Sunday, November 24, 2013

Opiates are not Highly Addictive

SAMHSA: National Survey on Drug Use and Health, 2008




In most news stories about prescription opioids or heroin, the drugs are usually described as "highly addictive." Heroin in particular is considered among the most addictive, supposedly immensely pleasurable and causing an insatiable craving for more. And yet according to data collected by SAMHSA, only 13.4% of people who first try heroin are dependent on the drug one year later. For "non-medical" users of prescription opioids, the number is only 3.1%. Interesting, based on the SAMHSA data, marijuana is almost twice as addictive as oxycodone.
     




One may wonder why heroin users become dependent at a rate more than four times that of pharmaceutical opioid users. This may be explained in part due to the heroin shift, users of pharmaceutical opioids switching to heroin following the nationwide crackdown on "pill mills." Secondly heroin is so demonized that that those who use it are a self-selected population. Compared to cannabis or cocaine, there just aren't as many recreational heroin users out there (people who might get high occasionally on weekends or special occasions).
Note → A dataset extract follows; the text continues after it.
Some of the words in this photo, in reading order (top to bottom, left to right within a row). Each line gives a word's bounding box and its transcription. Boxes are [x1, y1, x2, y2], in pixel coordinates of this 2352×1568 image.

Defenders of the drug war claim that drug prohibition is the only thing holding back legions of potential addicts. The truth is that the response to opioids is highly individualized, many people experience only negative effects (nausea and headaches are common) and no euphoria.
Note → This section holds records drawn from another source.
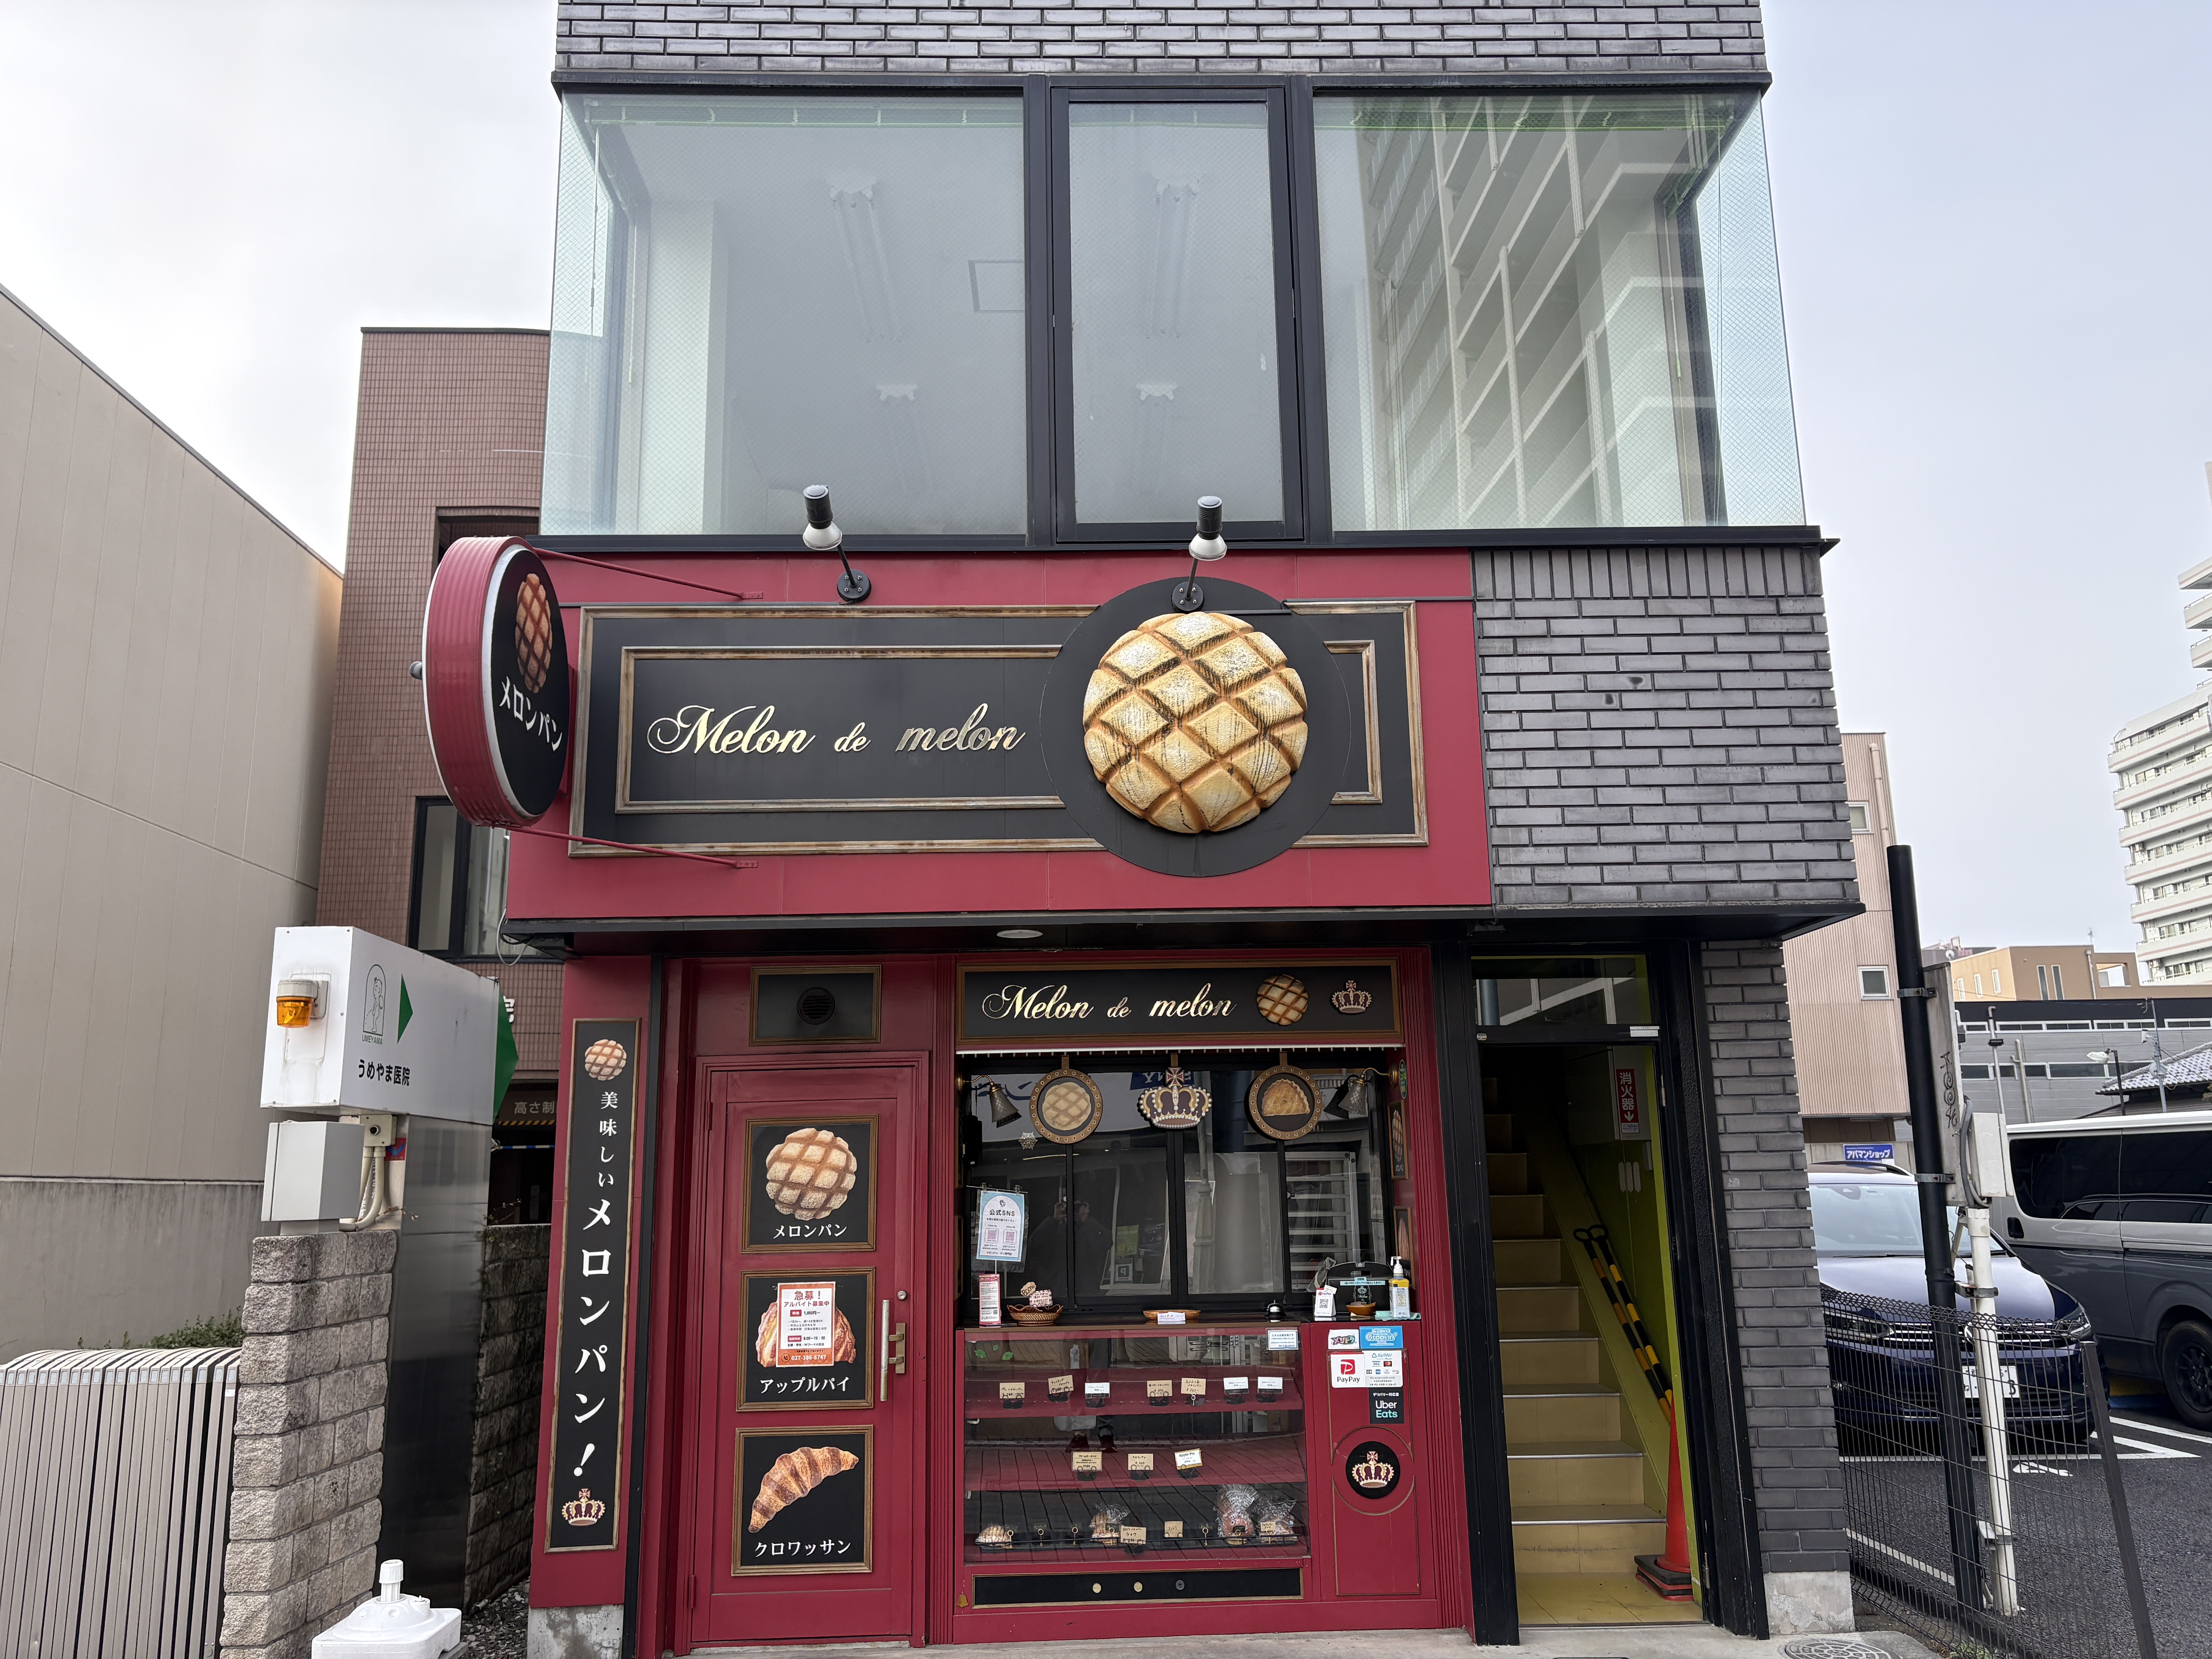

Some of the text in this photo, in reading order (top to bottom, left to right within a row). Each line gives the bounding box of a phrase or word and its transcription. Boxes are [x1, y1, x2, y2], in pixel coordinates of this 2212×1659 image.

[499, 676, 563, 751] メロンパン
[647, 703, 1026, 754] Melon de melon
[982, 982, 1237, 1019] Melon de melon
[362, 1034, 383, 1045] UMEYAMA
[359, 1059, 410, 1086] うめやま医院
[1620, 1072, 1634, 1110] 消火器
[773, 1223, 847, 1239] メロンパン
[760, 1377, 850, 1394] アップルパイ
[1376, 1400, 1397, 1409] Uber
[1376, 1410, 1398, 1418] Eats
[755, 1540, 851, 1558] クロワッサン
The Prescription Painkiller Experience: Less than a Third Say They Like It
by Maia Szalavitz


Many people fear that mere exposure to prescription painkillers like Vicodin or OxyContin will set them down the road to addiction. But new research on the response to opioid medication suggests that most people don’t particularly like the experience of using the drugs — a key factor in future addiction risk.
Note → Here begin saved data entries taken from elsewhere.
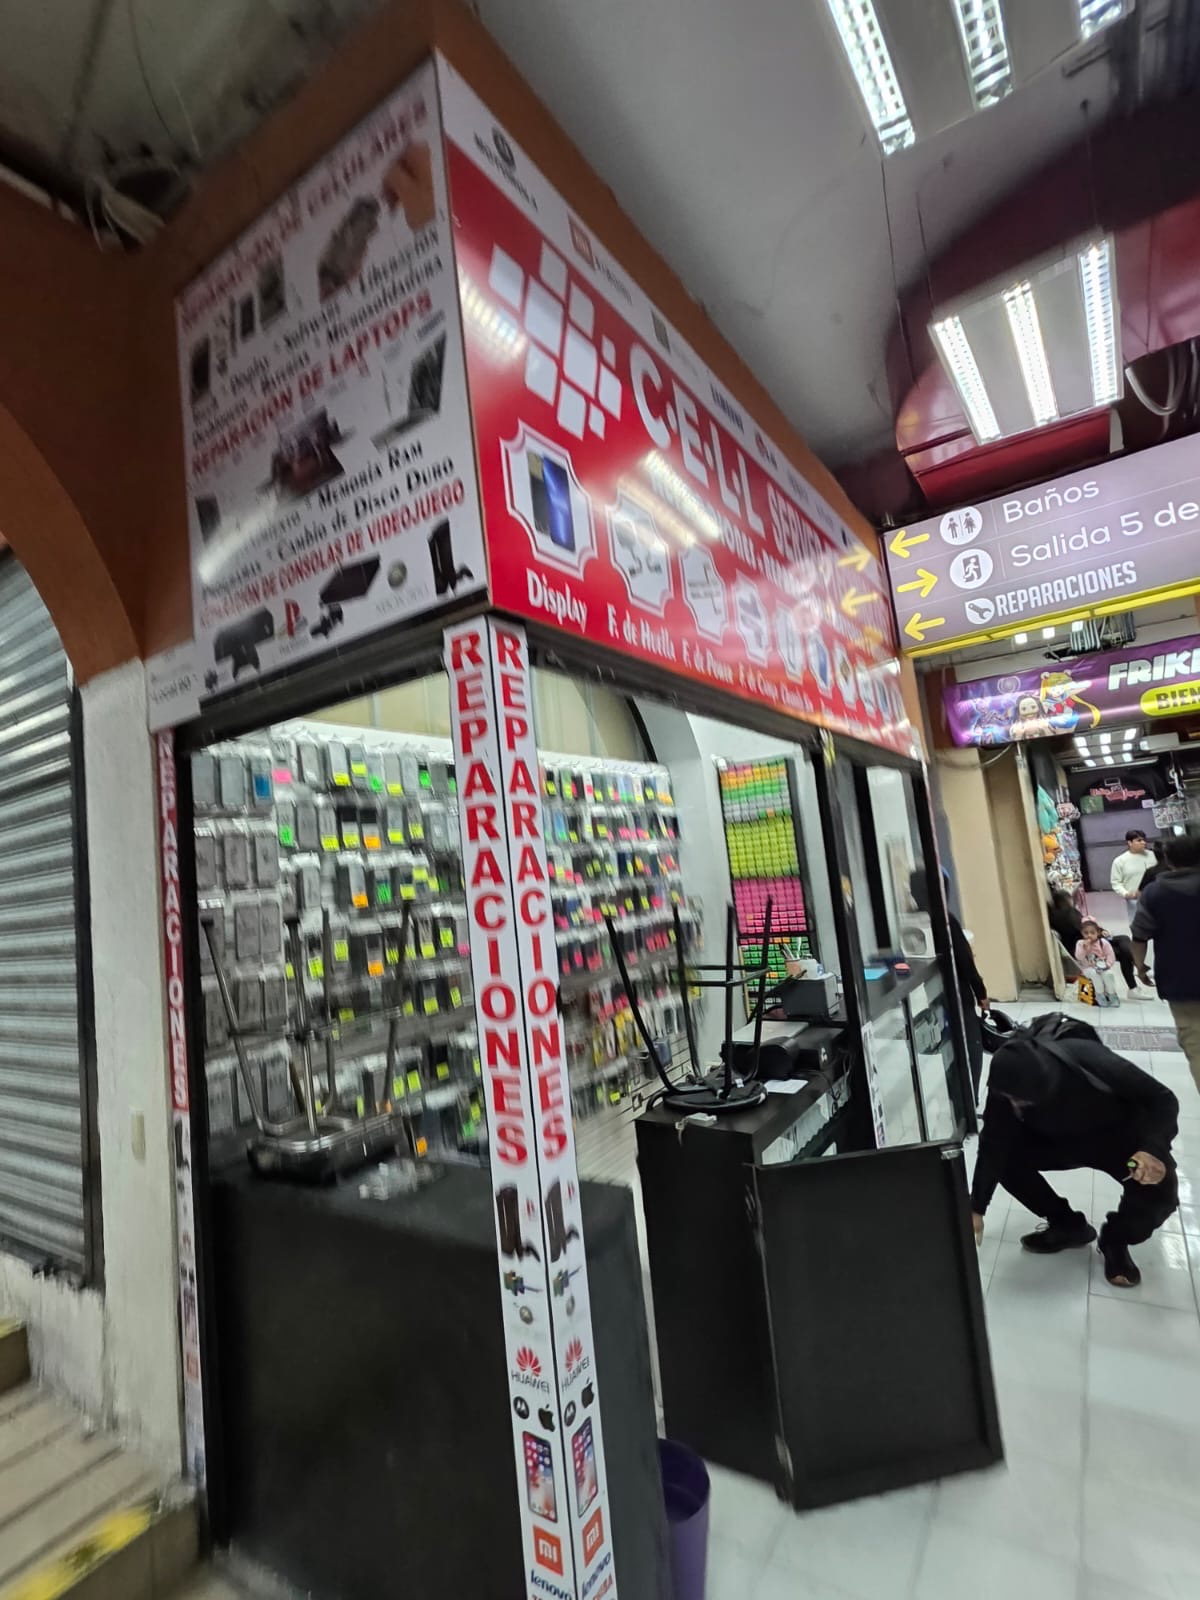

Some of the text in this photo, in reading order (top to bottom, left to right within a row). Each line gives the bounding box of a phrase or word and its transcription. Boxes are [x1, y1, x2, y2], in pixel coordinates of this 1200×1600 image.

[279, 539, 343, 589] CONSOLAS
[366, 478, 466, 546] VIDEOJUEGO
[1002, 479, 1099, 524] Baños
[1011, 501, 1200, 567] Salida 5 de
[526, 568, 588, 632] Display
[994, 560, 1137, 617] REPARACIONES
[450, 629, 529, 1168] REPARACIONES
[494, 628, 569, 1161] REPARACIONES
[510, 1369, 551, 1394] HUAWEI
[561, 1355, 591, 1394] HUAWEI
Researchers led by Dr. Martin Angst of Stanford University studied 114 pairs of identical twins aged 18 to 70, none of whom had chronic pain or addiction. Participants received intravenous infusions of either placebo or the opioid alfentanil, a drug that is approximately 10 times stronger than heroin and is used as an anesthetic during surgery. IVs are known to be the most addictive route of drug administration.

According to the findings, published in the journal Anesthesiology, 14% of participants said they disliked the opioid experience outright. About 6% found it neither pleasant nor unpleasant and 52% had mixed feelings about it; 23% of those with mixed feelings said they disliked it more than they liked it. Less than one-third (29%) of volunteers said they liked the opioid experience unreservedly. “If you would split it up, you would say about a quarter really didn’t like it and a quarter really liked it a lot,” says Angst, a professor of anesthesia at Stanford.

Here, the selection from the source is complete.